GIVEN DATA >>
————

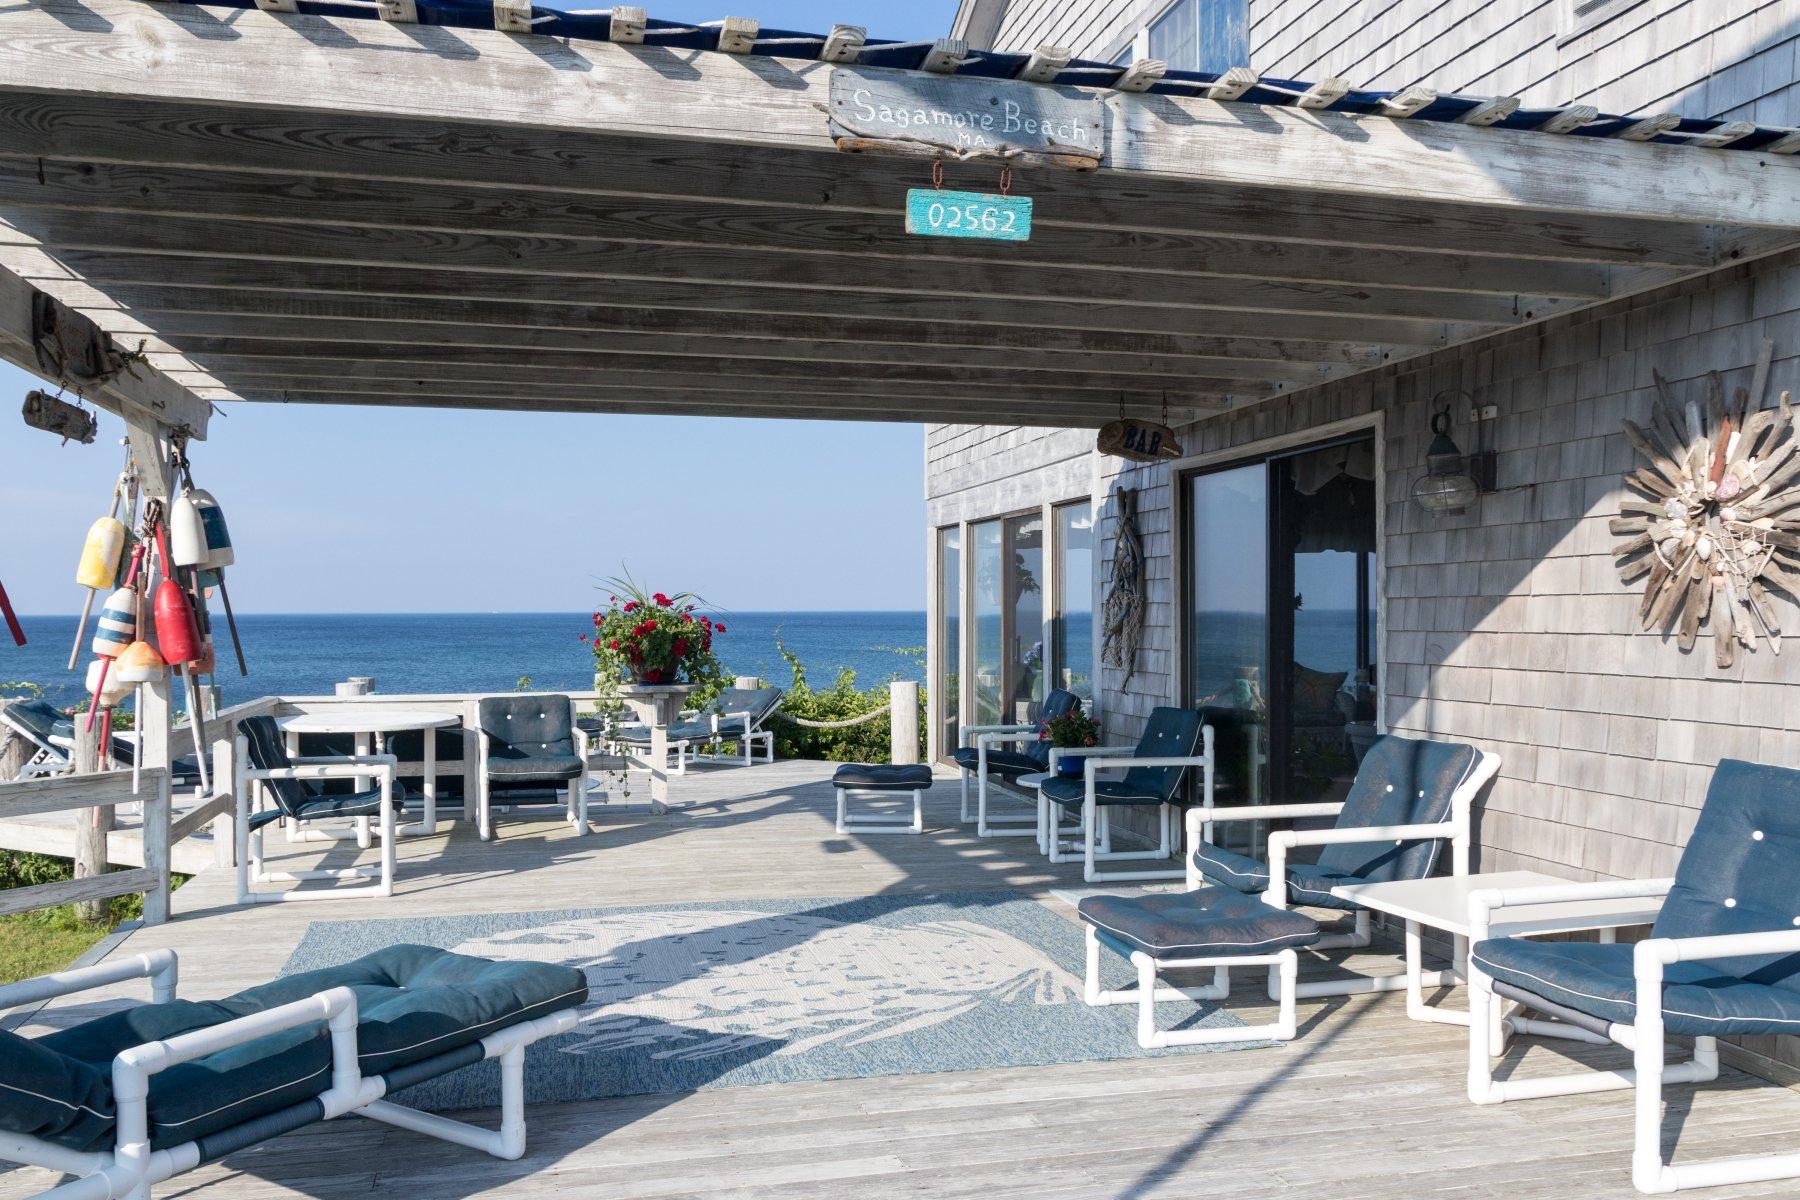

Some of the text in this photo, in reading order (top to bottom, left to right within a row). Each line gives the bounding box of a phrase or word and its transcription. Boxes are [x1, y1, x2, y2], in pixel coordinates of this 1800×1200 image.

[853, 88, 1086, 141] Sagamore Beach
[957, 132, 987, 147] MA
[928, 202, 1016, 233] 02562
[1123, 424, 1162, 456] BAR
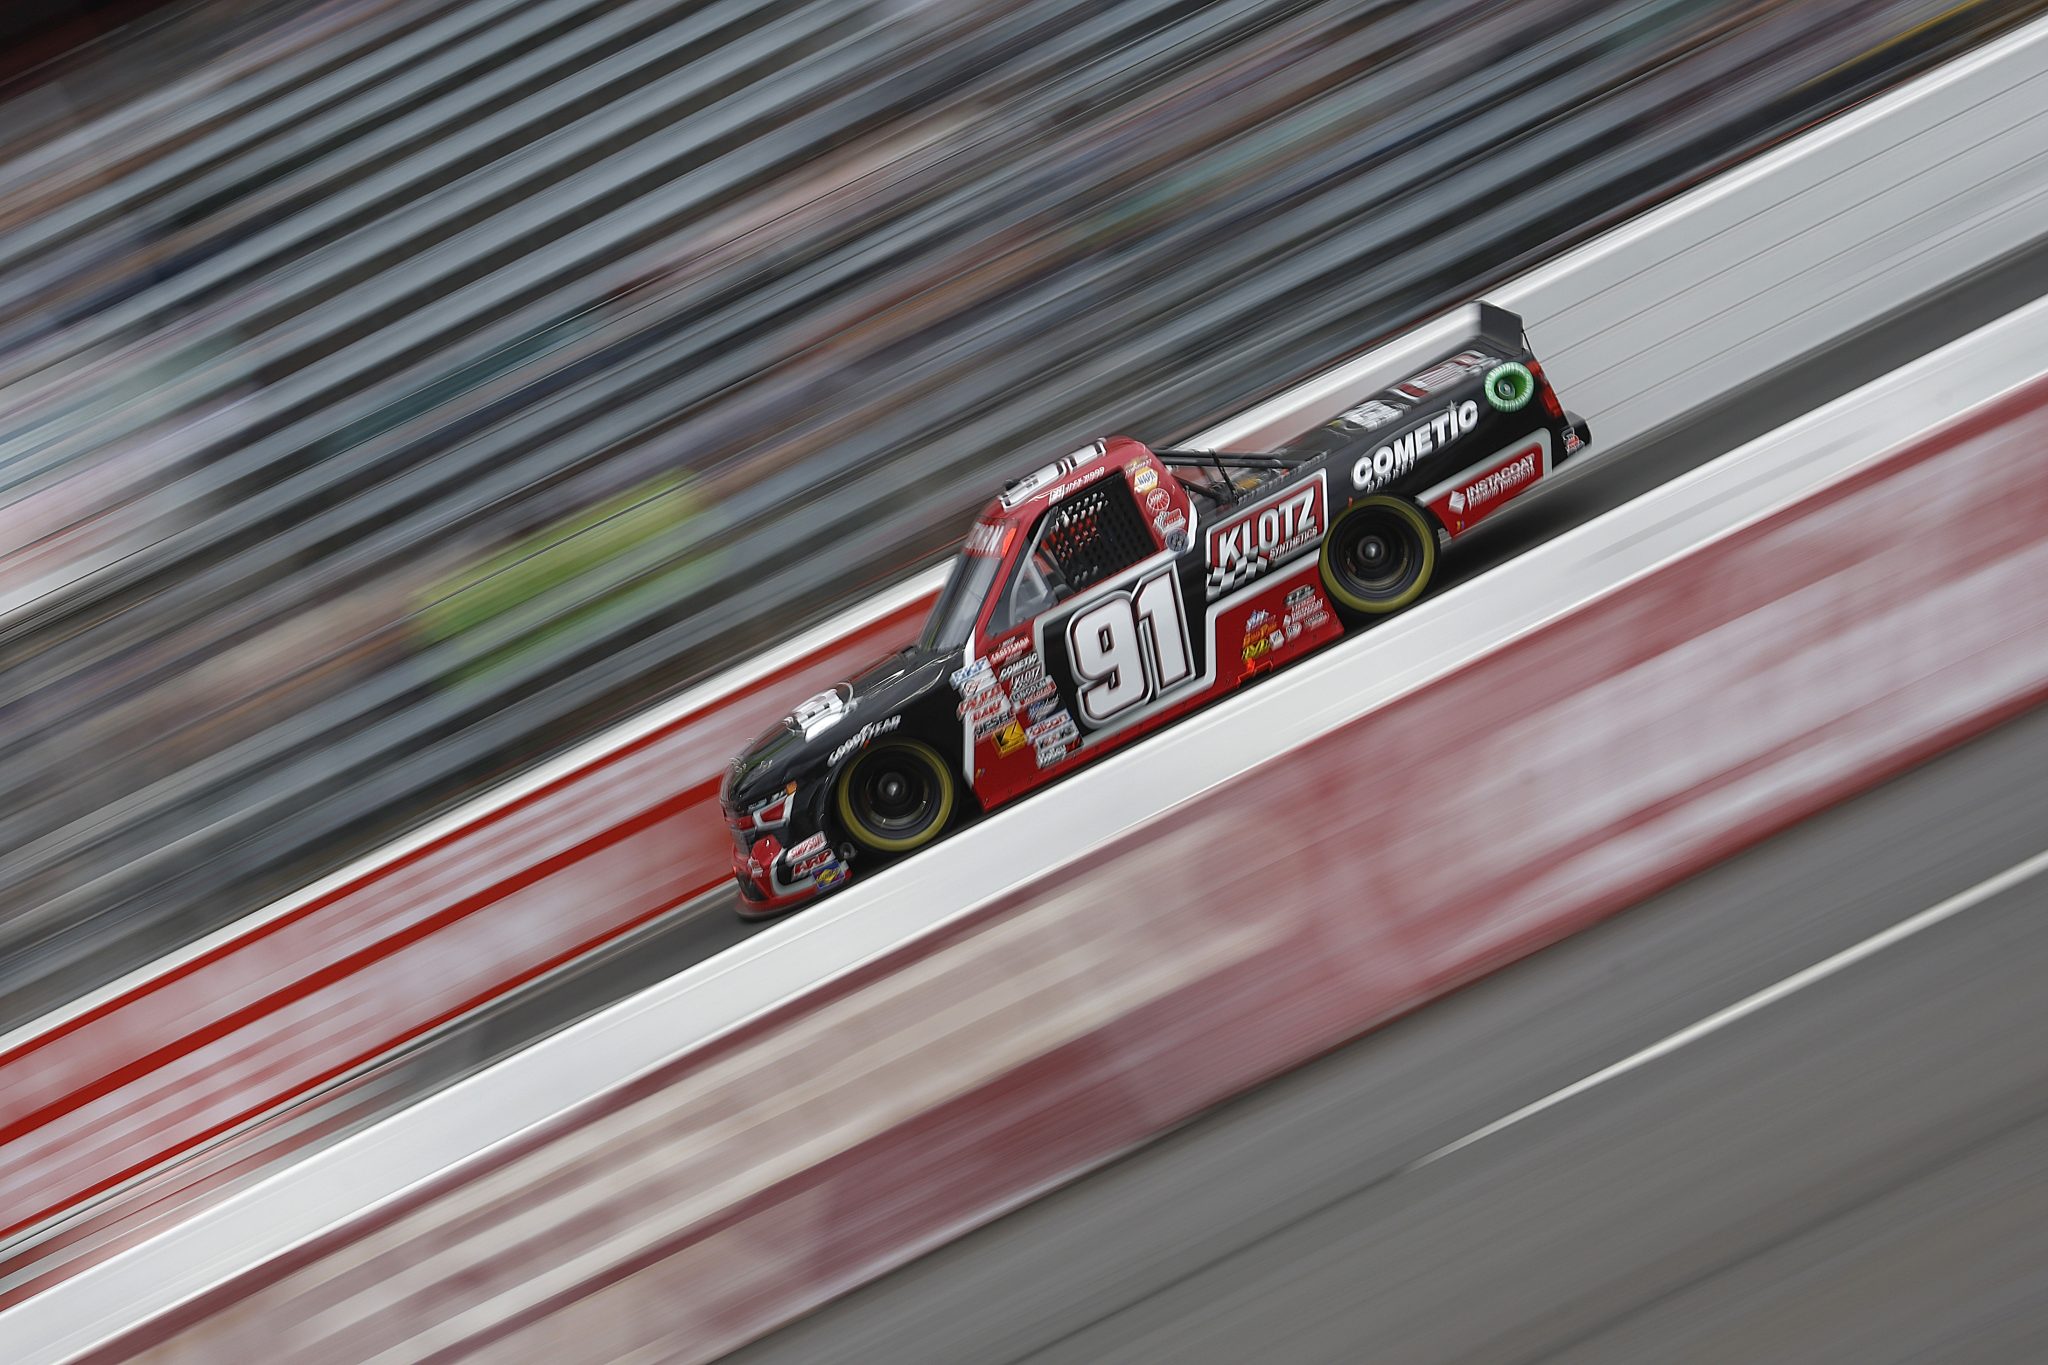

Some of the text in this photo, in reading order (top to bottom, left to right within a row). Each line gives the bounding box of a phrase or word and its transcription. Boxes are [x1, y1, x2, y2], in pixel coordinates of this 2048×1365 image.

[1352, 400, 1479, 491] COMETIC
[1137, 470, 1156, 486] NAPA
[1466, 453, 1535, 500] INSTACOAT
[1219, 487, 1315, 568] KLOTZ
[1269, 526, 1318, 560] SYNTHETICS
[1065, 561, 1196, 729] 91
[999, 653, 1038, 680] COMETIC
[1013, 666, 1041, 689] KLOTZ
[827, 714, 902, 768] GOODYEAR
[790, 833, 825, 859] SIMPSON
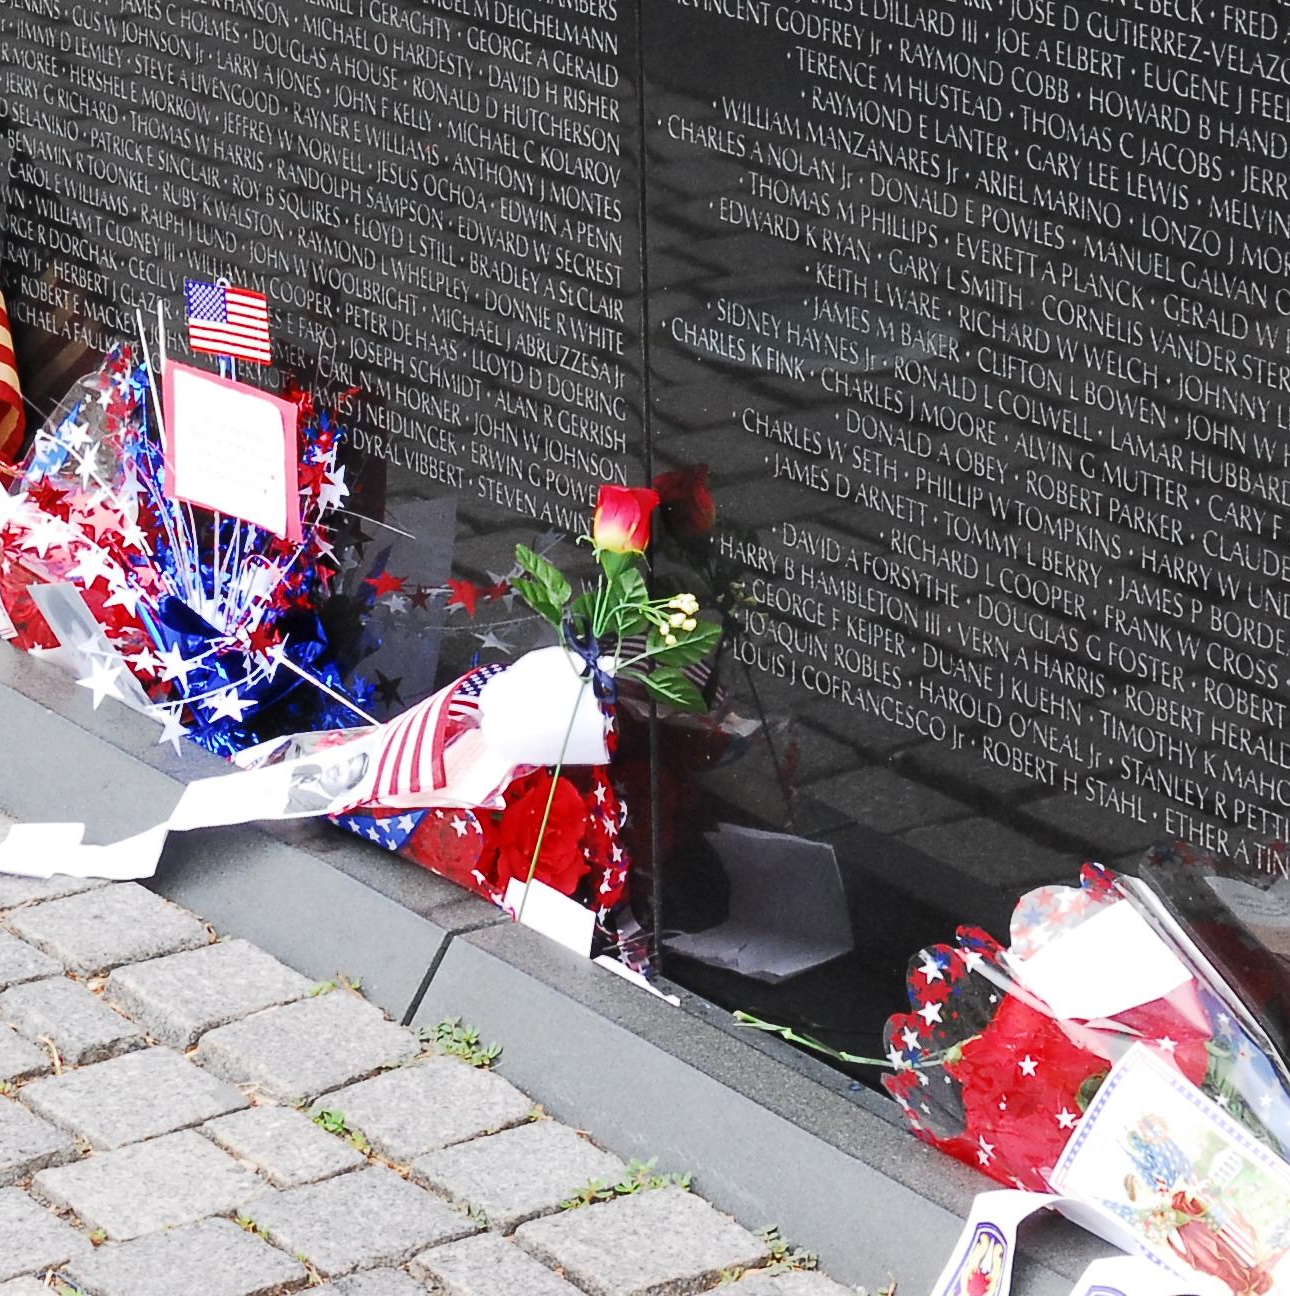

————

WHAT YOU ARE ASKED TO DO >> No pictures belong in the copy; quote exactly the lines from the line containing "this 2048×1365 image." through the final line of the material, both ends included.

ANSWER SPACE >>
Some of the text in this photo, in reading order (top to bottom, left to right within a row). Each line gives the bounding box of a phrase or word and its transcription. Boxes are [x1, y1, x2, y2], in pixel coordinates of this 2048×1365 image.

[1352, 400, 1479, 491] COMETIC
[1137, 470, 1156, 486] NAPA
[1466, 453, 1535, 500] INSTACOAT
[1219, 487, 1315, 568] KLOTZ
[1269, 526, 1318, 560] SYNTHETICS
[1065, 561, 1196, 729] 91
[999, 653, 1038, 680] COMETIC
[1013, 666, 1041, 689] KLOTZ
[827, 714, 902, 768] GOODYEAR
[790, 833, 825, 859] SIMPSON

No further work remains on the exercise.